I found the perfect 20 mile route around town this evening. Leave the house, pedal around the loop and add on this road and that and come down the last hill and then up through the neighborhood and 20.00 on the Cateye, precisely. Remarkable.
And I was only almost hit by a car once. This never ceases to amaze me. On any country road around here people will move way over to the left as they go by. Get on one of the four lane roads and they’ll get as close to you as possible, even if every other lane is open to their use. Today this particular driver was obviously unprepared or unmoved by the three feet law — 36 lousy inches, that’s what you’re supposed to give. Had I been glancing down at my gears, and had my left shoulder or right foot been down at the time, I would have drifted just a bit and that car would have hit me. It was chillingly close, which is a delightful way to make you question if you’re full comfortable in the saddle again.
Anyway, lovely ride notwithstanding. A little faster than I’ve recently been, but still nothing worth mentioning. The heart rate is the thing, and all that.
Some things to read: Salesman: Bama players used spray:
Key said players bought products at a rate he cited as confidential.
“They want to win,” he said. “After the games they said they couldn’t believe how they weren’t tired and how much energy they had.”

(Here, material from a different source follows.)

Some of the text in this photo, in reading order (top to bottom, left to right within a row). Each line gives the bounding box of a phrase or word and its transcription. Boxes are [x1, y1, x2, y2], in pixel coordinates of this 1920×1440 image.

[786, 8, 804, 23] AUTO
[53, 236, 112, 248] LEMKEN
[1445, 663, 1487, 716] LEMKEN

I know they are sports writers, but even those guys should be able to identify when they are giving unscrupulous commercials to people. I don’t really care one way or another about this story as a sports story. It is frustrating how the reporters have really allowed themselves to be complicit in these miracle elixir pitchmen to glam themselves up. That’s a shame.
Oral history of the Super Bowl Shuffle, if you’re into that sort of thing.

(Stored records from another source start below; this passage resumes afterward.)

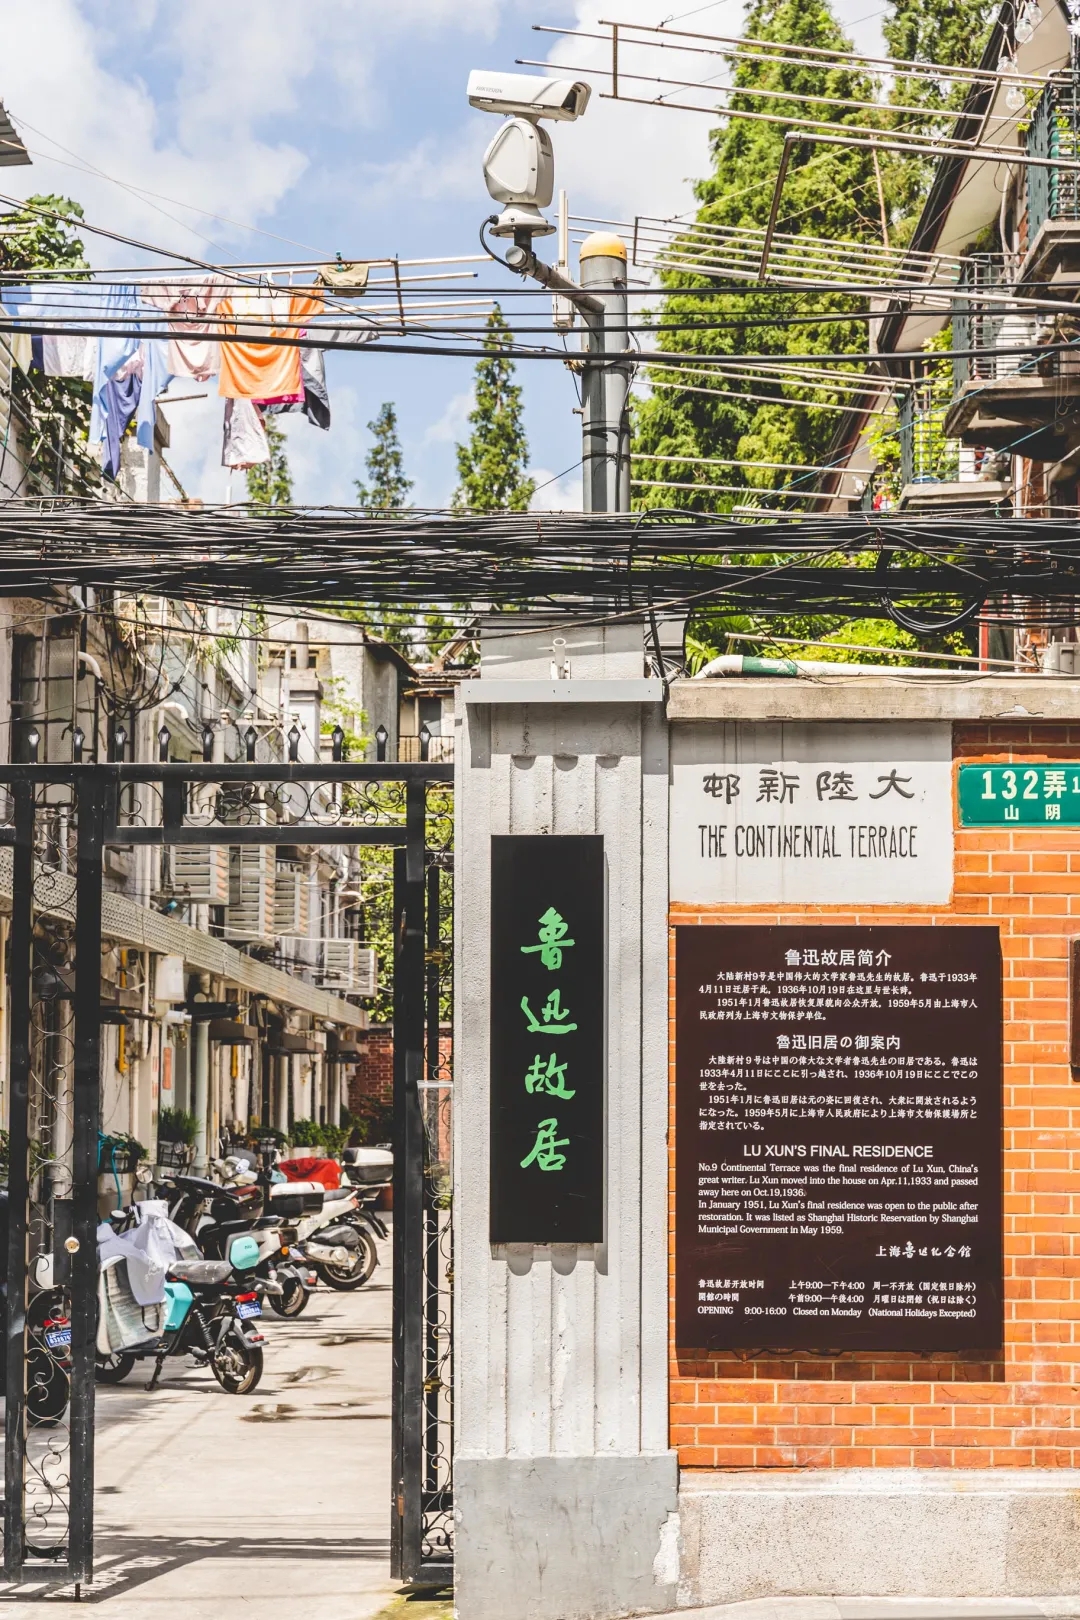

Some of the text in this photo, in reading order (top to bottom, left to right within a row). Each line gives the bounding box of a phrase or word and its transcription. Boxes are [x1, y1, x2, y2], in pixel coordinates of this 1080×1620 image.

[698, 825, 918, 858] THE CONTINENTAL TERRACE
[784, 948, 892, 967] 鲁迅故居简介
[699, 1010, 827, 1021] 民政府列为上海市文物保护单位。
[776, 1034, 901, 1051] 魯迅旧居の御案内
[698, 1081, 747, 1092] 世を去った。
[698, 1120, 765, 1131] 指定されている。
[744, 1144, 761, 1157] LU
[810, 1144, 850, 1158] FINAL
[852, 1145, 934, 1158] RESIDENCE
[698, 1162, 718, 1172] No.9
[720, 1162, 767, 1172] Continental
[769, 1163, 801, 1172] Terrace
[803, 1165, 820, 1173] was
[822, 1163, 836, 1173] the
[838, 1163, 857, 1173] final
[859, 1163, 899, 1173] residence
[901, 1163, 910, 1173] of
[913, 1164, 923, 1173] Lu
[926, 1164, 946, 1174] Xun,
[698, 1175, 979, 1188] great writer. Lu Xun moved into the house on Apr.11,1933 and passed
[698, 1187, 806, 1199] away here on Oct.19,1936.
[699, 1199, 706, 1209] In
[708, 1199, 741, 1211] January
[743, 1200, 767, 1210] 1951,
[769, 1200, 779, 1209] Lu
[806, 1200, 825, 1210] final
[826, 1200, 866, 1210] residence
[866, 1202, 884, 1210] was
[884, 1203, 906, 1212] open
[907, 1202, 915, 1210] to
[917, 1201, 931, 1210] the
[932, 1201, 958, 1213] public
[958, 1201, 979, 1211] after
[698, 1212, 979, 1225] restoration. It was listed as Shanghai Historic Reservation by Shanghai
[698, 1224, 844, 1237] Municipal Government in May 1959.
[697, 1305, 734, 1315] OPENING
[744, 1306, 787, 1316] 9:00-16:00
[792, 1306, 819, 1316] Closed
[830, 1307, 863, 1319] Monday
[867, 1307, 904, 1317] (National
[904, 1308, 938, 1320] Holidays
[938, 1308, 977, 1320] Excepted)
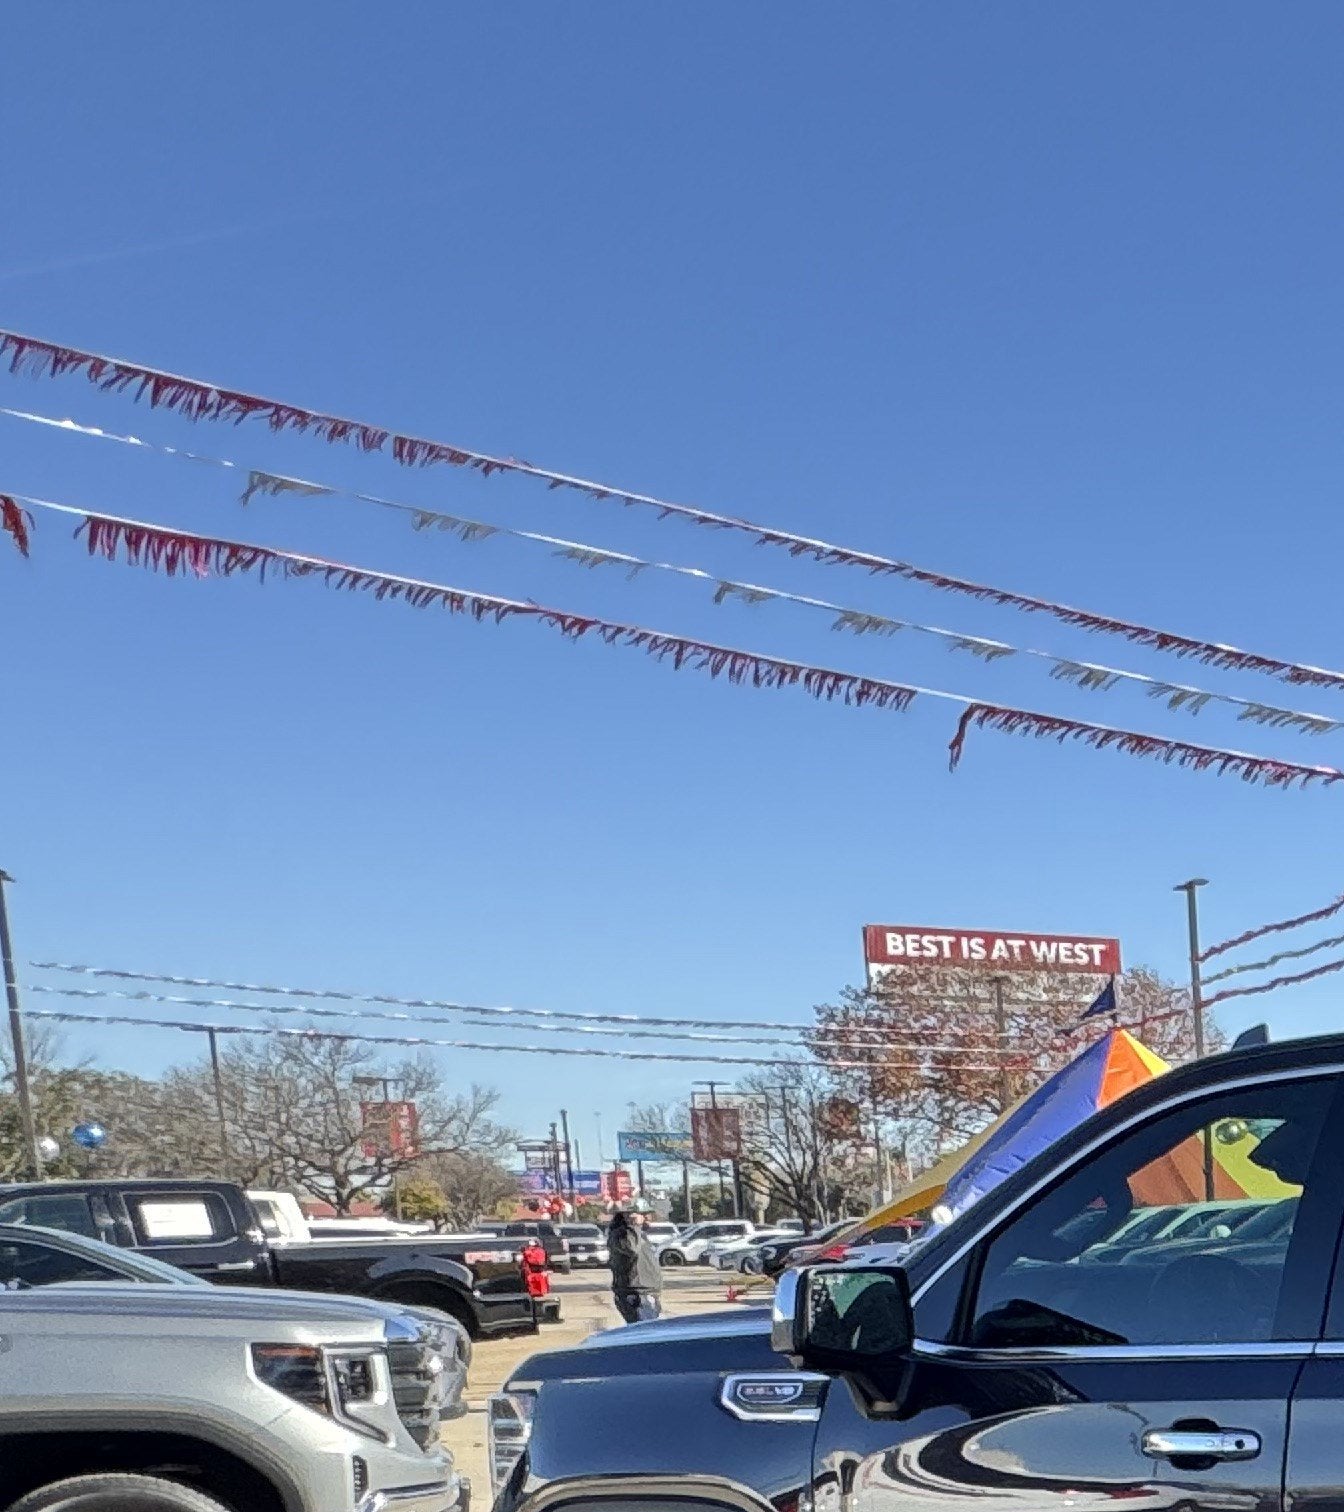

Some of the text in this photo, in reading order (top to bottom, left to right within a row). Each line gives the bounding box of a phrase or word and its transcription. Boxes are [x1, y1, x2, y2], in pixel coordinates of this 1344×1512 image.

[885, 932, 1107, 967] BEST IS AT WEST

Or taxes, if you prefer. Alabama tax system lands in ‘terrible 10’.
I like this one, Eight ways journalists can use SoundCloud:
1. To post news programming
2. To report from the field and post audio from interviews
3. Record, edit and upload a recording from an iPhone
There are a lot of great ideas and details there.
And, finally, a real thinker: How to redesign the beat for engagement, impact, and accountability:
Instead of going to the candidates and talking to them about their agendas, we flipped it. We made a public call: We’re coming to your neighborhood. Show us what needs fixing. We then sent a reporter into each district for one week. The reporters did ride-alongs with locals, quizzed residents, and found out what city-level issues mattered to them.

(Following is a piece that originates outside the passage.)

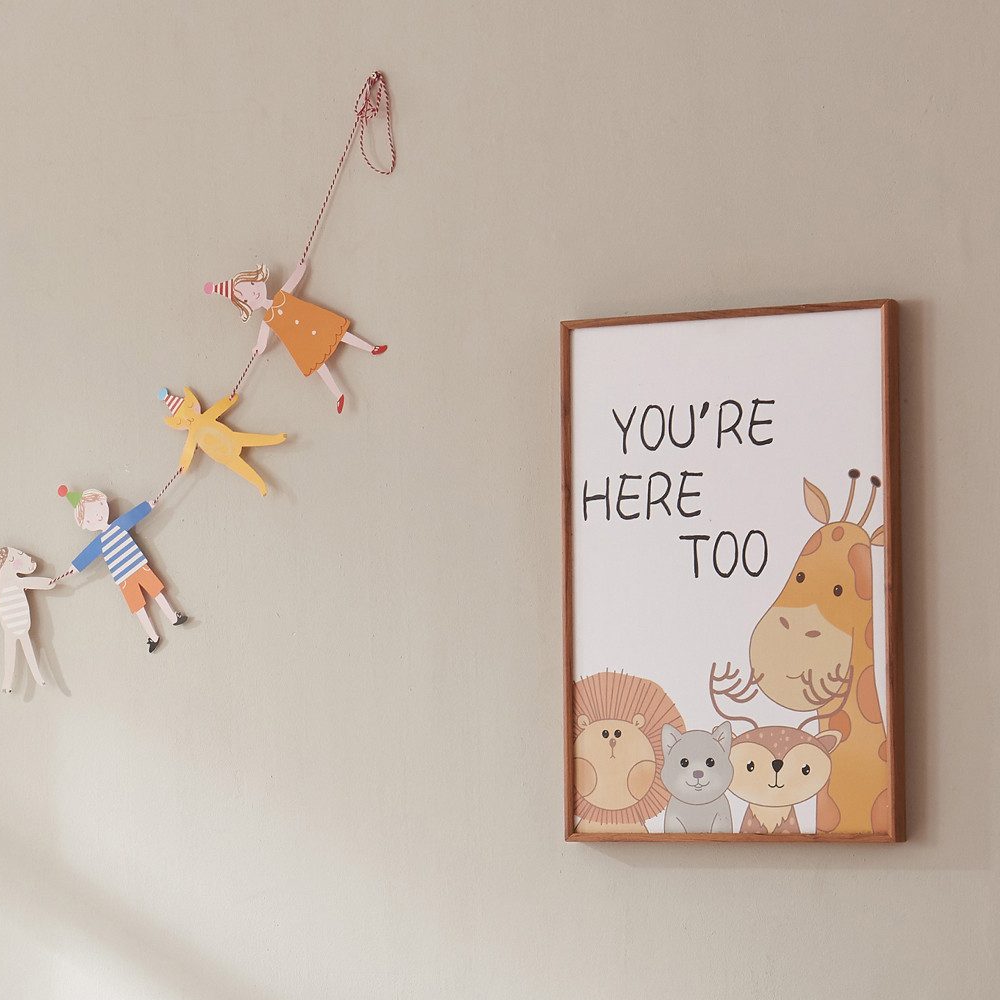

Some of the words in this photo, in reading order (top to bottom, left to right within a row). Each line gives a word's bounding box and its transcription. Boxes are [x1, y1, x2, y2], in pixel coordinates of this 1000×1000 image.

[612, 398, 775, 454] YOU'RE
[582, 471, 703, 521] HERE
[679, 530, 768, 578] TOO

We wrote about those community needs. Then, we took that residents’ agenda back to the candidates and asked what they would do to address it.
The approach sparked a series of revelations that have reshaped how I look at the fundamental choices we make as journalists. It turns out our coverage for years had been focused on things that didn’t seem to matter all that much to even active San Diego residents.
There’s a difference between monologuing and conversing.
This is the sixth and cumulative point of a draft plan I’m writing on right now, it falls in step neatly with that, and may be helpful in preparing young journalists for the world they’ll one day enter:
Engage your audience. Ask for their questions. Get and share the answers from appropriate sources. Follow your most active readers and repost their most compelling material. Engagement becomes reporting, which draws more readers, who increase your engagement. Remember: the audience, in the aggregate, is always going to know more than you as an individual.
“‘Twas always thus, and always thus shall be.”